Germany’s Bundesrat has finally agreed on the make-up of its inter-state mandate moving to revamp its federal gambling framework by 2021. However, featuring an overly complex licensing procedure and muddled policies, strategic consultancy Regulus Partners finds little to cheer on ‘German progress’…
Germany has done what it was expected to with regard to online gambling policy, possibly for the first time in over a decade. Equally, it is both an inter-state agreement and, we believe, a framework that is compatible with EU law… something likely to be discovered fairly soon!
The option chosen was simply to extend the number of licences and allow Schleswig-Holstein an opt-out of those elements it doesn’t like. This is the worst case scenario for German facing operators, in our view, since they are likely to be forced to play a game they cannot win.
The framework, other than the number of licences, is largely a rehash of the 2012 Treaty. The tax rate on sports betting will continue to be 5% of turnover; but whereas sports betting is currently taxed but not regulated, in the new licensing regime there will be customer turnover limits of €1000 per month, severely curtailed in-play (to match outcomes) and the potential for additional state safer gambling and/or duty requirements.
The betting landscape, which is currently c. 70% in-play and likely c. 80% ‘heavy user’ dominated in terms of revenue (many of which would be impacted by the turnover limit), therefore cannot function as it currently stands. High margin, multiple-led, mass market offers may thrive, but these are not currently dominant across the market (though Tipico and Bet3000 have some omnichannel expertise here). The level of dislocation and black market leakage is therefore likely to be immense for all those operators choosing to get a licence (and since substantially all of the big operators exposed to Germany are already registered with the tax authorities, the regulators know where to look).
Perhaps a bigger issue is that gaming would effectively be banned, which we estimate currently to be c. 47% of the market. No doubt some displaced gaming revenue will end up in betting, but without in-play the ability to offer similar products is severely limited… whether virtuals will be allowed is potentially significant here – though we would doubt it.
Most are likely to go to the black market or simply to stop.
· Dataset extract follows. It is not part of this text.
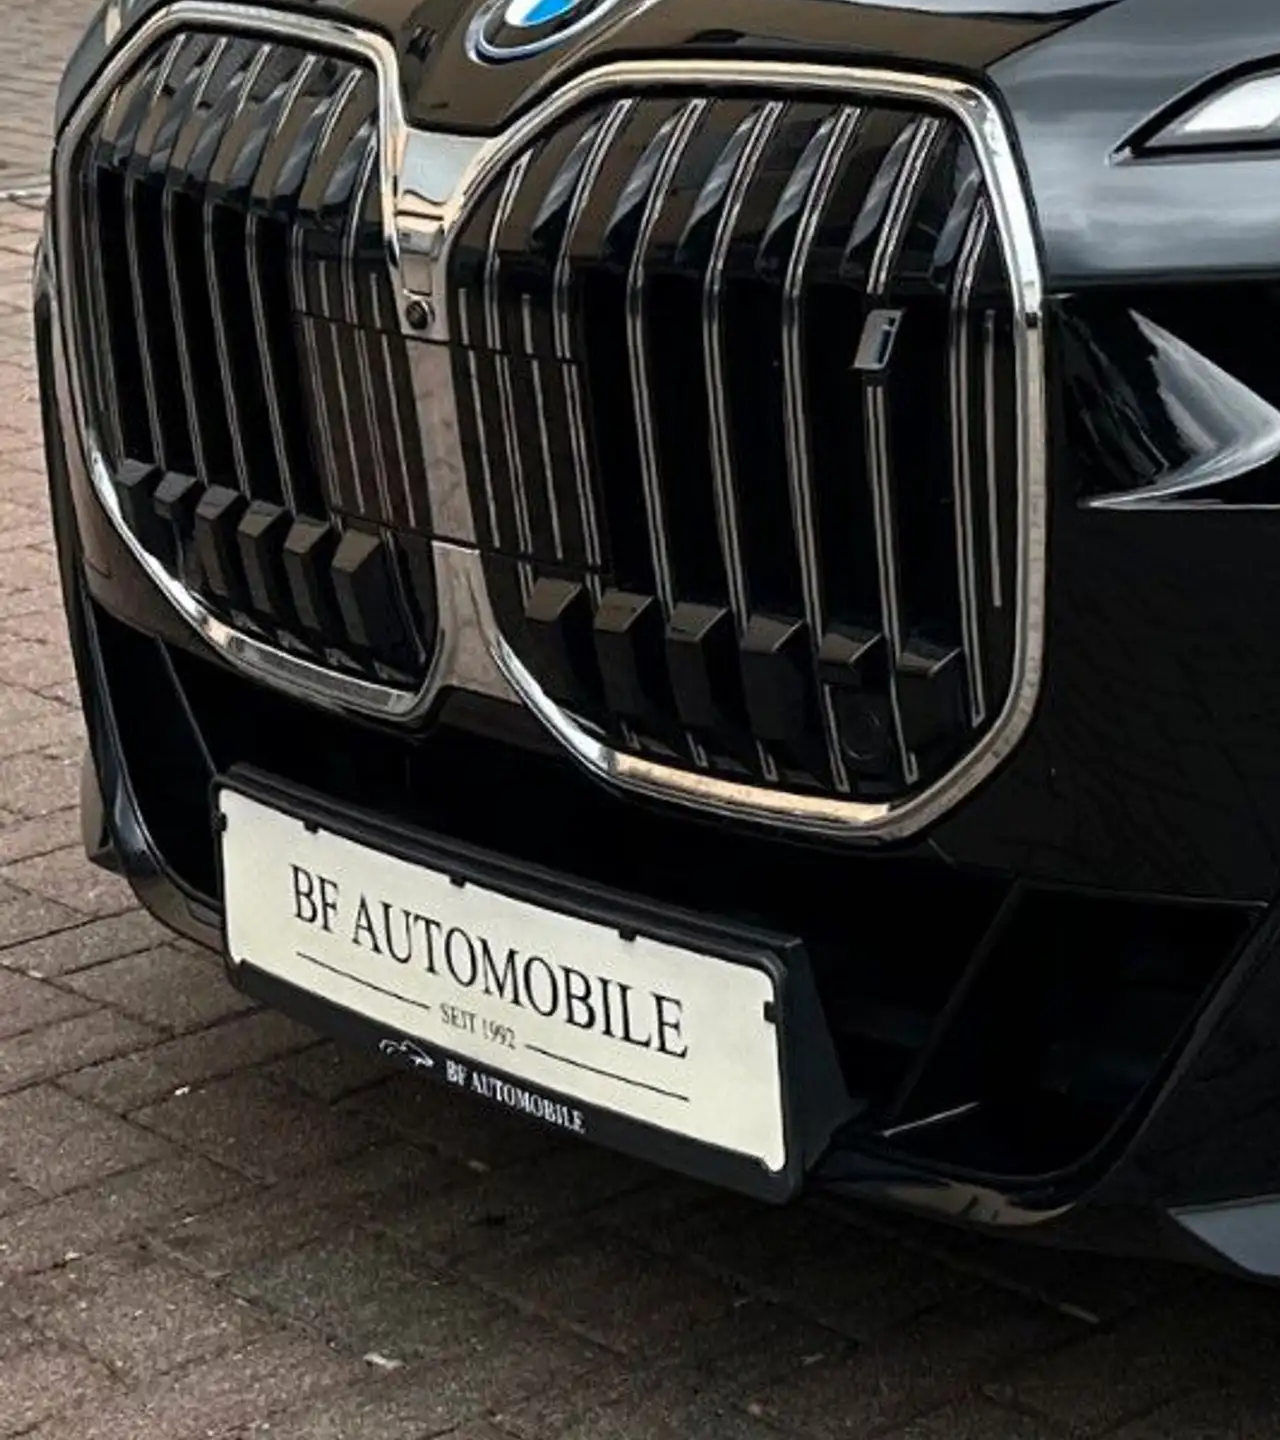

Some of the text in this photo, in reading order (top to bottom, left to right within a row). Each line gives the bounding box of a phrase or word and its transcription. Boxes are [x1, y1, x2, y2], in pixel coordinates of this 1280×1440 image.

Hence our estimates last week that c. 70% of the current German online gambling market (c. €1.8bn) is at risk in revenue terms, and therefore (potentially more than) all profit. With Novomatic (and Gauselmann B2B) already having taken the hit, the biggest visible losers are likely to be Tipico (biggest exposure but at least high betting margins), GVC, Bet-at-Home (both low margin betting and gaming) and Stars (substantially all gaming); with 888, JPJ and many Nordic-led operators also taking a material hit in terms of growth, comps and cash flow.
The big question now is whether the treaty will be enforced as it stands. However, a combination of Supreme Court / CJEU rulings and recent tightening of Germany’s telecoms and media regulators suggest a very dim view will be taken of any operator trying to plead EU freedoms (and we doubt S-H will either be meaningfully joined or provide a market beyond its own borders).
The global regulatory landscape is also increasingly inter-connected: while a private ‘dark grey’ operator might be inclined to get away with it, any that are public or regulated in Tier One Point of Consumption jurisdictions could easily decide (or have it decided for them) that it is far to risky in terms of overall licensing footprint.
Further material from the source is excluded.